The US has long championed democracy around the world, pushing persistently, if not always consistently, for leaders to give up power when they lose.

President Donald Trump is now establishing a new US model – refusing to concede, making unsubstantiated claims of fraud and seeking the intervention of courts and political allies in hopes of reversing his defeat to Joe Biden.

Political figures and experts interviewed in several countries fear that Trump’s blueprint will be eagerly embraced in fragile democracies, especially in Africa, letting strongmen point to the world’s most powerful nation in justifying their attempts to cling to office.

“Donald Trump’s refusal to concede reinforces the view of our leaders in Africa that elections should be done in a way so that they don’t lose,” said Mahamat Ahmat Alhabo, secretary-general of the opposition Party for Freedoms and Development in Chad.

Eldred Masunungure, a political scientist at the University of Zimbabwe, said Trump was singing “sweet music to autocratic rulers”.

He said: “It’s tragic. We are used to that in Africa but when it happens in the US we get shocked because it’s happening in a centuries-old democracy.

“It’s a dirty lesson our leaders will take advantage of and cite even in the long-term future when they lose and don’t want to concede defeat.”

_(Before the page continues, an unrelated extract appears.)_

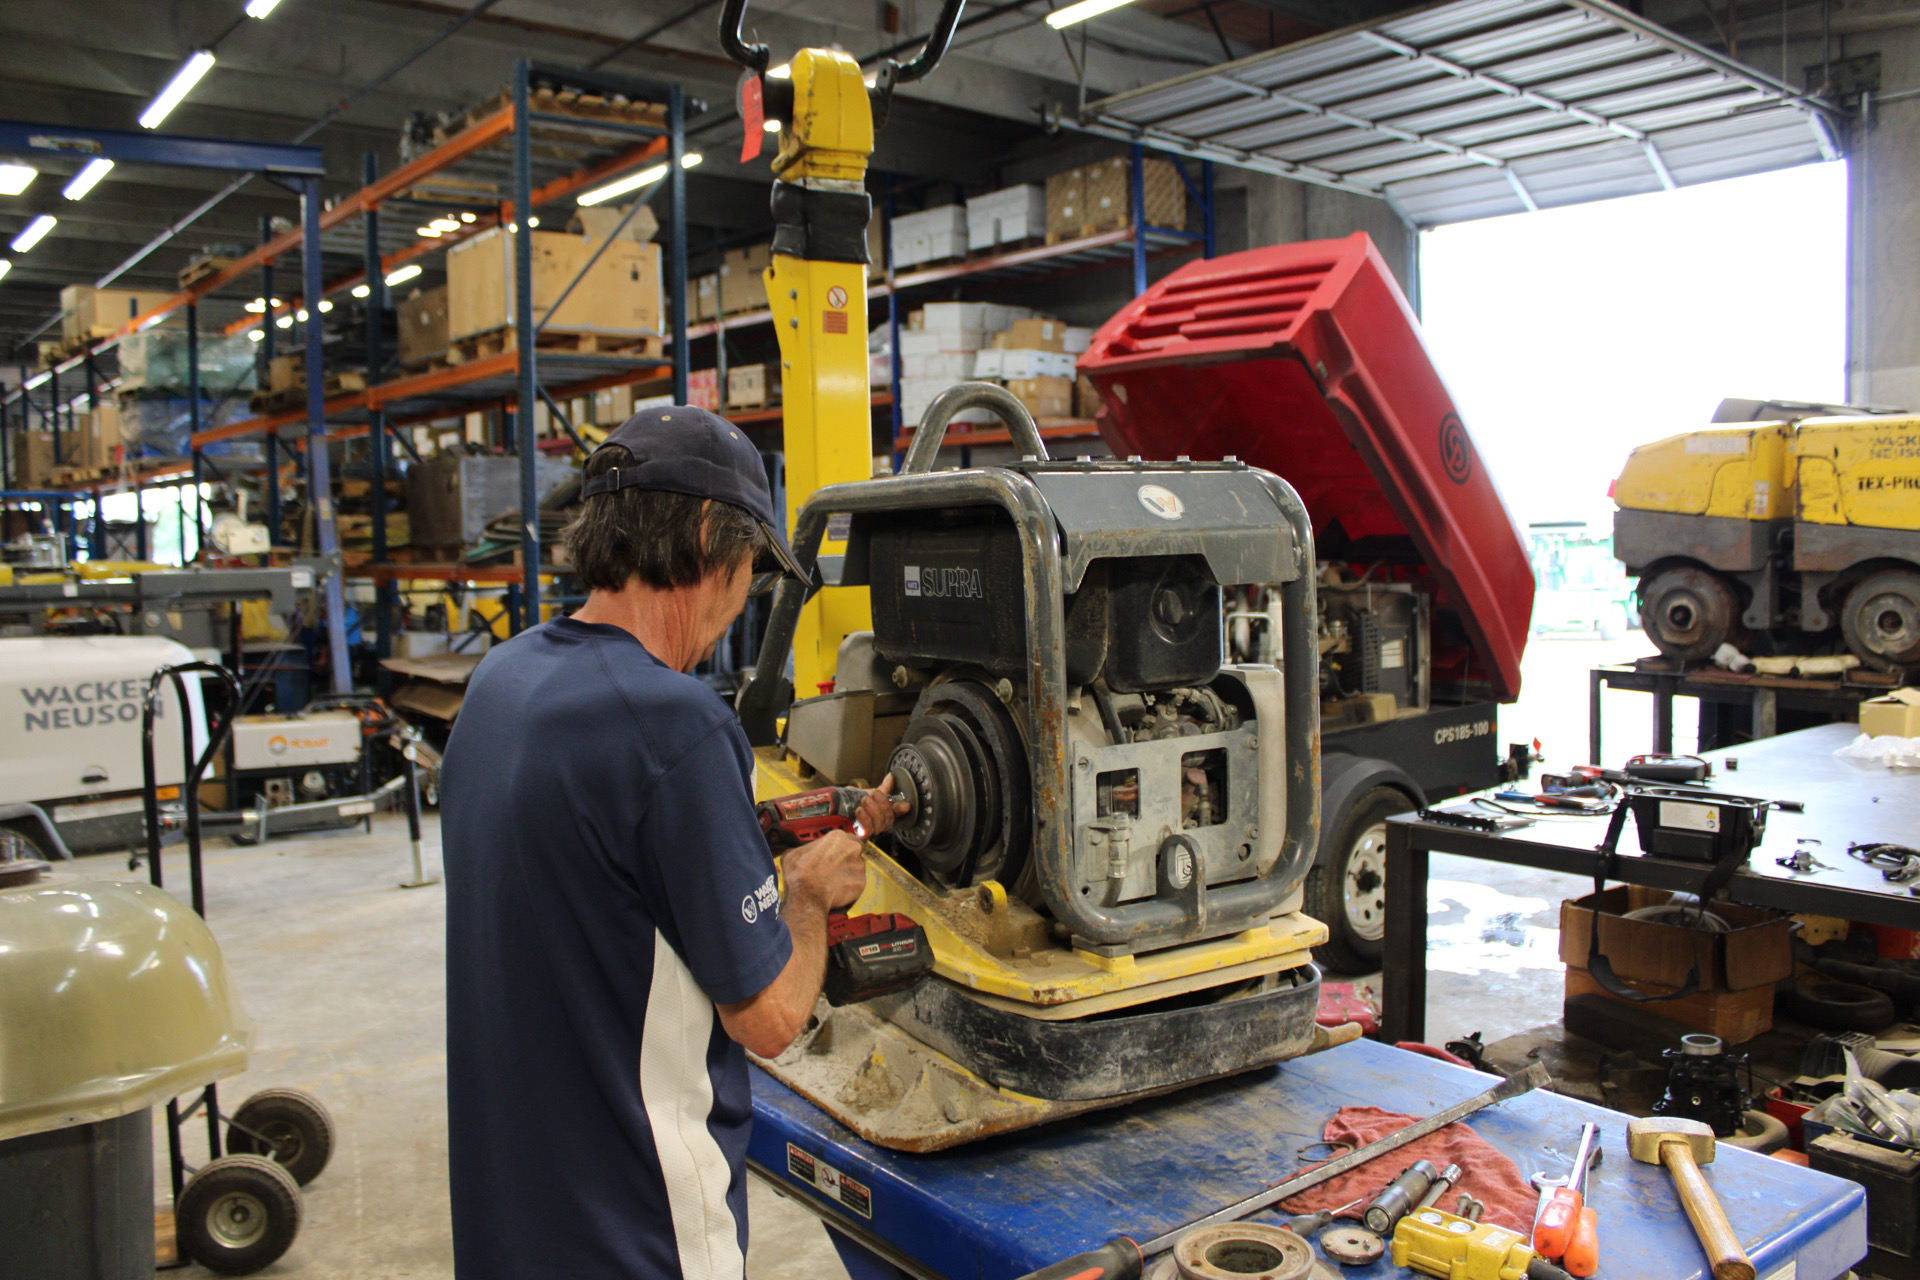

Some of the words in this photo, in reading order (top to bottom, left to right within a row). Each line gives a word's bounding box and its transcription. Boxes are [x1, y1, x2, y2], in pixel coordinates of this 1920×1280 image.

[1870, 435, 1920, 447] WACK
[922, 567, 983, 598] SUPRA
[1434, 720, 1489, 745] CPS185-100

Garry Kasparov, the Russian chess legend and outspoken critic of President Vladimir Putin, said Trump’s assault on the democratic process will result in “many similar attacks in future elections, in the US and elsewhere”.

“Democracy discredited, Putin’s dream,” he wrote on Twitter.

Shifting discourse on elections

Thomas Carothers, an expert on democracy promotion, noted that nations such as Russia, China and Egypt hardly needed tips from Trump on how to oppose competitive elections.

But he said the effect could be more palpable in problematic democracies as leaders see how Trump can brazenly claim victory and find some support, despite Biden winning nearly six million more votes and edging Trump out 306-232 in the state-by-state Electoral College that determines US elections.

“They see the power of that approach, that even a society as educated and sophisticated in certain ways as the United States can fall victim to that kind of big lie,” said Carothers, senior vice-president for studies at the Carnegie Endowment for International Studies in Washington.

He drew a parallel to Trump’s denunciations of “fake news”, a term now cited around the world by governments that want to muzzle the media.

Carothers said nations where Trump’s election challenges could provide a model include India, the world’s largest democracy which has long had robust votes but where right-wing Prime Minister Narendra Modi has been taking aim at civil society.